Mon témoignage est en relation avec une expérience relationnelle que je faisais régulièrement et qui me faisait réagir à chaque fois. Tout ce que j’ai décris précédemment se produisait. Analyse, prise de conscience, réactions mentales et émotionnelles. Je connaissais le processus. A chaque fois que la situation se présentait, j’avais la sensation de repasser sur le même disque. Ce n’était pas le même sillon, les choses évoluaient mais doucement. Je ne cherchais pas à modifier les choses sachant que la meilleure attitude était de s’en remettre à la Shakti. J’étais un témoin avec plus ou moins de recul. Certaines fois le raisonnable comprenait la situation, d’autres fois, c’était la colère avec peu de recul. Quand l’émotionnel était là, inutile de vous dire que la méditation était agitée.

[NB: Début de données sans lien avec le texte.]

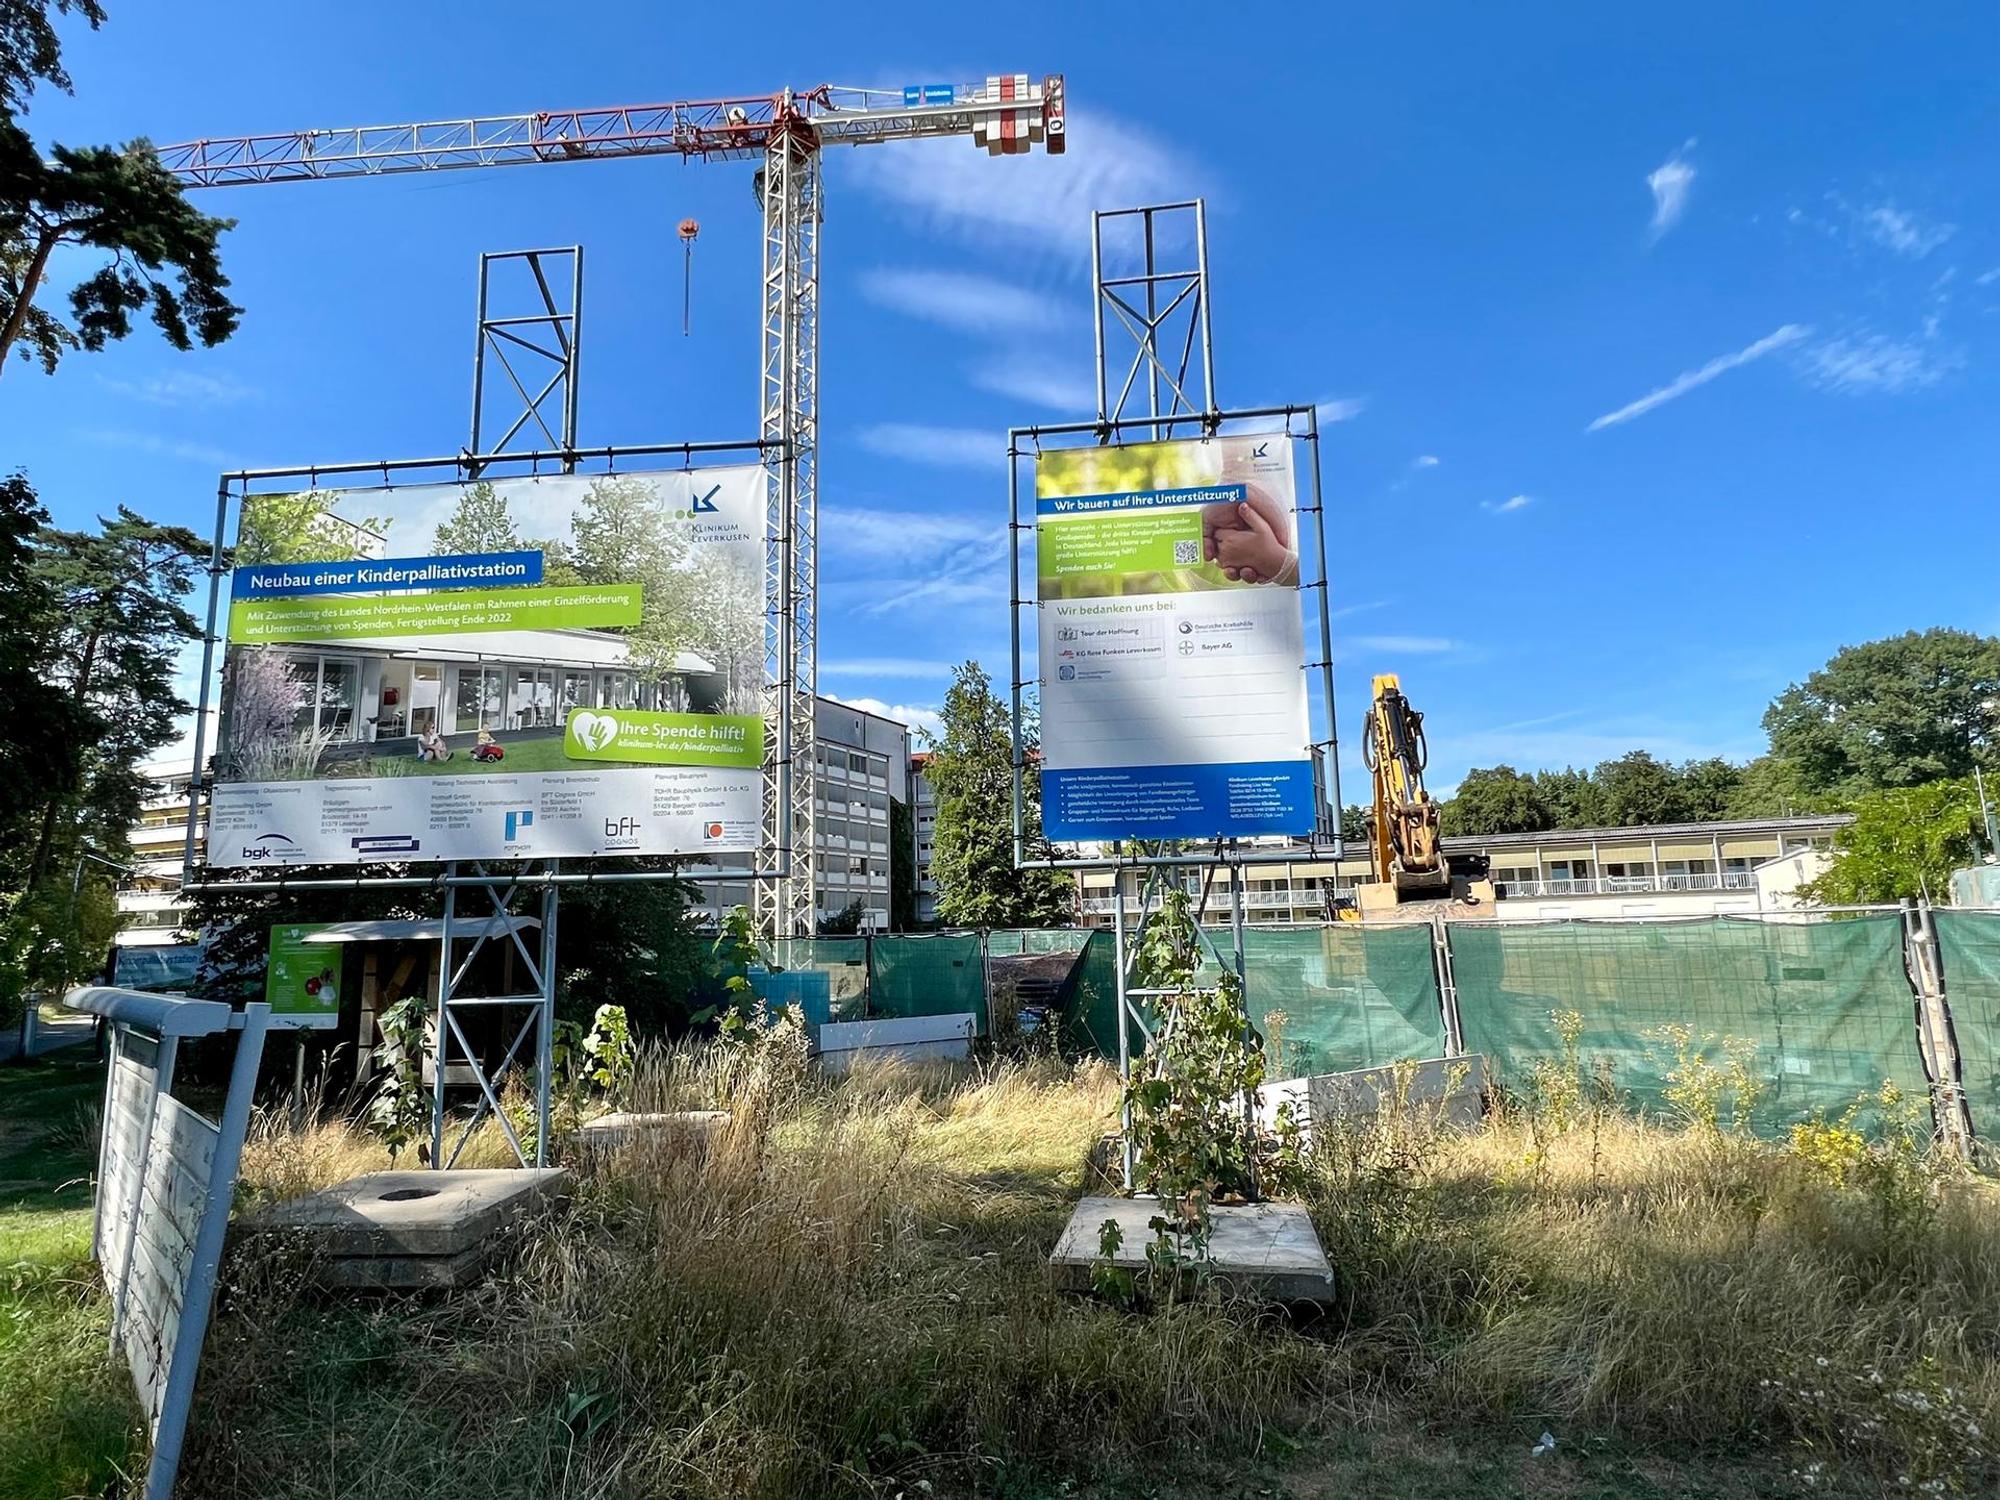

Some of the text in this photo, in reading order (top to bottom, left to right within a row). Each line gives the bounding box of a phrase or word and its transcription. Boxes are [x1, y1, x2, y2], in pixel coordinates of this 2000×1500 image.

[1055, 488, 1240, 512] Wir bauen auf Ihre Unterstützung!
[1056, 564, 1085, 573] Spenden
[1085, 563, 1102, 571] auch
[250, 562, 526, 590] Neubau einer Kinderpalliativstation
[246, 594, 630, 622] Mit Zuwendung des Landes Nordrhein-Westfalen im Rahmen einer Einzelförderung
[1057, 600, 1176, 615] Wir bedanken uns bei:
[246, 612, 512, 635] und Unterstützung von Spenden, Fertigstellung Ende 2022
[1108, 628, 1139, 636] Hoffnung
[1102, 648, 1125, 656] Funken
[1126, 646, 1161, 655] Leverkusen
[1201, 643, 1220, 651] Bayer
[620, 720, 746, 741] Ihre Spende hilft!
[617, 738, 744, 754] klinikum-lev.de/kinderpalliativ
[242, 846, 271, 860] bgk

Un jour, la situation s’est reproduite. Je voyais les choses se mettre en place. Mon attitude interne était à mi-chemin entre le recul et la colère. Je suis allé méditer et là, aucune perturbation émotionnelle n’est venu parasiter ce moment, pas de mental obsessionnel, une méditation calme, paisible. En sortant de la méditation je m’attendais à ce qu’il y ait des pensées ou des émotions, mais non, comme si cela avait été effacé de moi. J’avais déjà vécu quelque chose de similaire, un an avant, où une situation bloquée s’était débloquée soudainement sans que j’y sois pour quelque chose. Toute la complexité de la situation s’était évanouie en un instant, toutes les conséquences sur mes pensées aussi, les réactions et les émotions avaient également été effacées. C’est curieux à dire mais toute racine avait été supprimée.
Depuis j’ai vécu à nouveau la même situation et j’ai pu observer que mon inconscient n’a pas pollué mes pensées ni mes émotions.
 
C’était la première fois que cette situation ne provoquait pas de réaction, ni au niveau du mental, ni au niveau des émotions. Je n’avais rien fait de spécial, simplement le travail de la Shakti avait fait son œuvre.

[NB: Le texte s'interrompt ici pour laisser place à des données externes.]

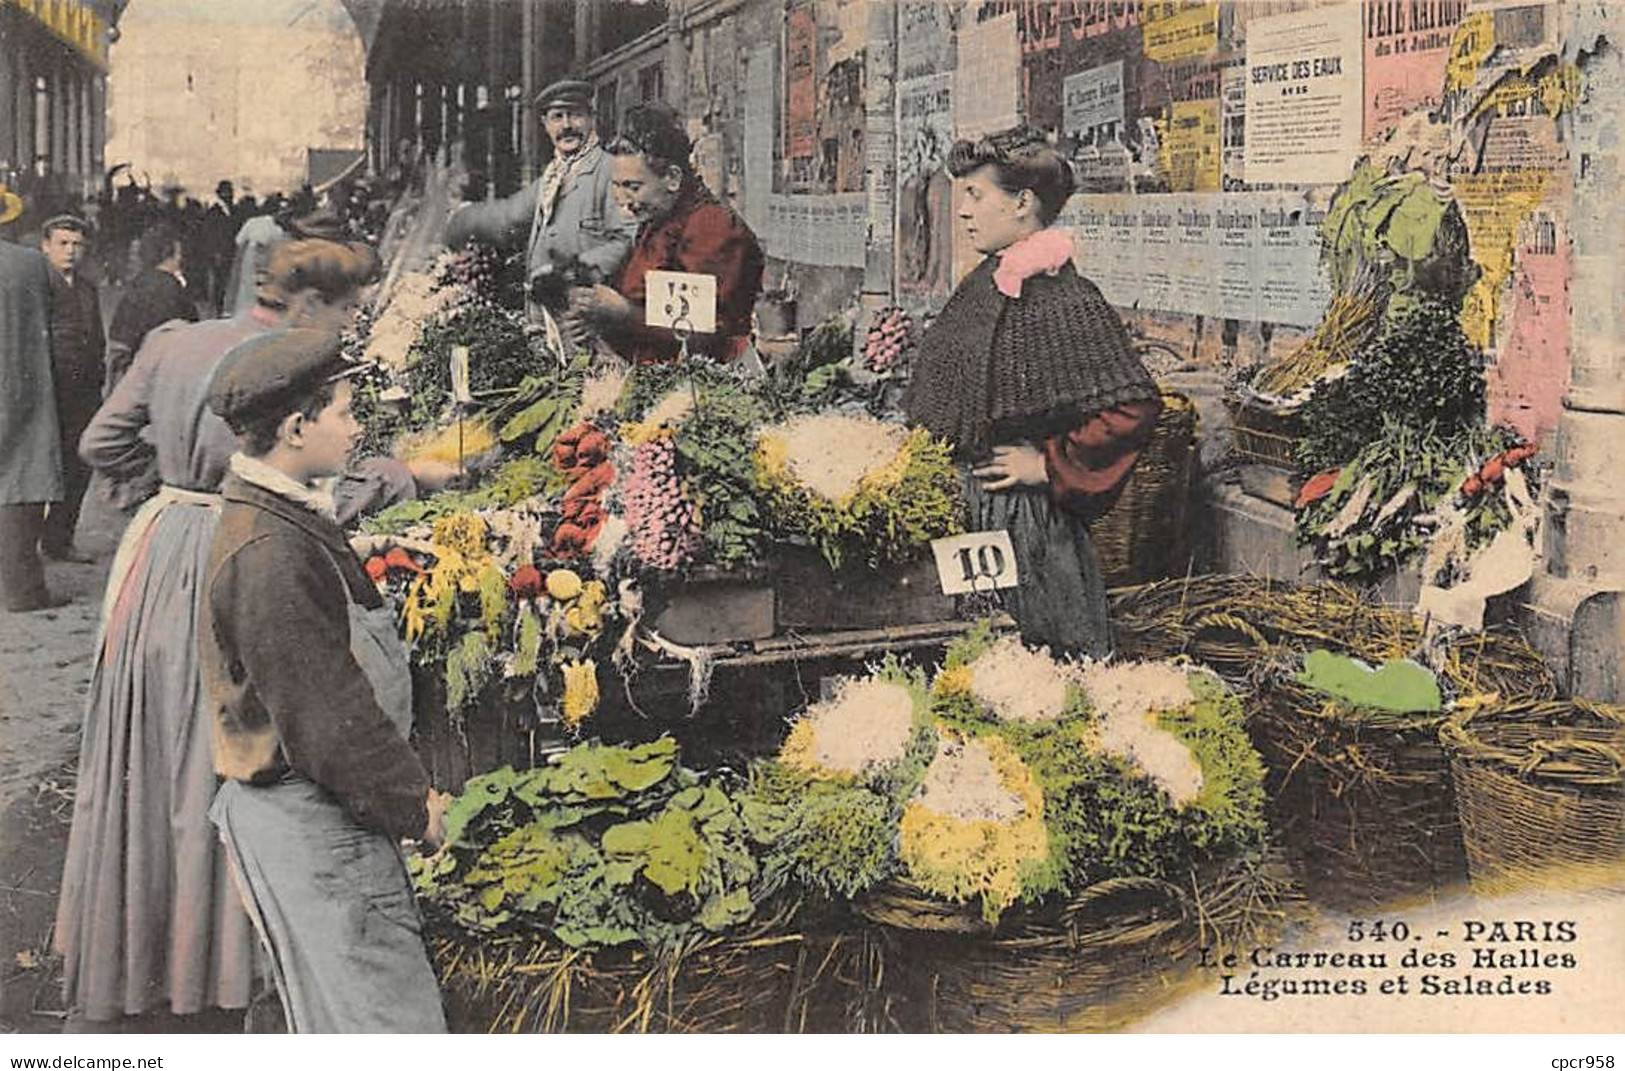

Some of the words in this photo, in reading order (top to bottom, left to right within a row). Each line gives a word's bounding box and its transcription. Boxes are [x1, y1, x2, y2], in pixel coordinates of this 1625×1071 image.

[1252, 62, 1288, 84] SERVICE
[1292, 59, 1310, 79] DES
[1314, 57, 1342, 77] EAUX
[1281, 85, 1308, 96] AVIS
[953, 545, 1005, 581] 10

Le travail de la Shakti est facilité si on n’interfère pas, si on la laisse agir sans vouloir y mettre notre grain de sel.
Cela ne veut pas dire qu'il n'y a rien à "faire". Rester connecter avec la pratique régulière de la méditation et la relation interne du coeur est notre part.
La voie de Shaktipat est une voie active qui transforme nos vies. Tous ceux qui s’y sont engagés peuvent témoigner de changements concrets. Ce n’est pas nous qui en sommes l’auteur, ce ne sont pas nos efforts qui ont fait bouger les choses.
La Shakti travaille comme elle veut et mon expérience ne veut pas dire que cela se reproduira ni chez moi ni chez d’autres. Le travail de nettoyage pour moi s’est fait de cette façon à ce moment-là.
Il faut du temps pour que ce travail de nettoyage se fasse. Cela peut prendre des mois voire des années pour des comportements fortement ancrés.
L’essentiel est de garder la constance, la foi en la Vie et surtout continuer la méditation régulièrement. C’est cela, et la relation avec le Maître qui peut nous permettre d’avancer.